(Data for review begins)

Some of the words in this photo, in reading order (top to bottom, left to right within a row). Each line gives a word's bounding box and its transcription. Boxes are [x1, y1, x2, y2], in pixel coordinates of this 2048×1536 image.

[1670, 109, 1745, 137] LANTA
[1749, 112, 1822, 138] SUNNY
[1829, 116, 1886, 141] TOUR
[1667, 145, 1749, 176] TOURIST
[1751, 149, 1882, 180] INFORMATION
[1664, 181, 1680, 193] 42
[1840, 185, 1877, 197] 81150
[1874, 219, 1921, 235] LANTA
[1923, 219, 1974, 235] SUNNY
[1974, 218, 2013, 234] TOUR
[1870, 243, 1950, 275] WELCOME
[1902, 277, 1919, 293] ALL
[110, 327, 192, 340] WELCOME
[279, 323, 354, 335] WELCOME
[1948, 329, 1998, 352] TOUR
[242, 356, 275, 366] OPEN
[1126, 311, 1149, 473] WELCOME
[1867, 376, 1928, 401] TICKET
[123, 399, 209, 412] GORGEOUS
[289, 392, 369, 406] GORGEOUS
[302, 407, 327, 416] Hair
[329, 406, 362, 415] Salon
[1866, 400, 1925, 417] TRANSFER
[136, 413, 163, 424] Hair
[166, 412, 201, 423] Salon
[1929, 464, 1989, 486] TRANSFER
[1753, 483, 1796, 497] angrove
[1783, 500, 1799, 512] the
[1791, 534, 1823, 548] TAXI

(Data for review ends)

Once more, write out the entries exactly as they were written.

Some of the words in this photo, in reading order (top to bottom, left to right within a row). Each line gives a word's bounding box and its transcription. Boxes are [x1, y1, x2, y2], in pixel coordinates of this 2048×1536 image.

[1670, 109, 1745, 137] LANTA
[1749, 112, 1822, 138] SUNNY
[1829, 116, 1886, 141] TOUR
[1667, 145, 1749, 176] TOURIST
[1751, 149, 1882, 180] INFORMATION
[1664, 181, 1680, 193] 42
[1840, 185, 1877, 197] 81150
[1874, 219, 1921, 235] LANTA
[1923, 219, 1974, 235] SUNNY
[1974, 218, 2013, 234] TOUR
[1870, 243, 1950, 275] WELCOME
[1902, 277, 1919, 293] ALL
[110, 327, 192, 340] WELCOME
[279, 323, 354, 335] WELCOME
[1948, 329, 1998, 352] TOUR
[242, 356, 275, 366] OPEN
[1126, 311, 1149, 473] WELCOME
[1867, 376, 1928, 401] TICKET
[123, 399, 209, 412] GORGEOUS
[289, 392, 369, 406] GORGEOUS
[302, 407, 327, 416] Hair
[329, 406, 362, 415] Salon
[1866, 400, 1925, 417] TRANSFER
[136, 413, 163, 424] Hair
[166, 412, 201, 423] Salon
[1929, 464, 1989, 486] TRANSFER
[1753, 483, 1796, 497] angrove
[1783, 500, 1799, 512] the
[1791, 534, 1823, 548] TAXI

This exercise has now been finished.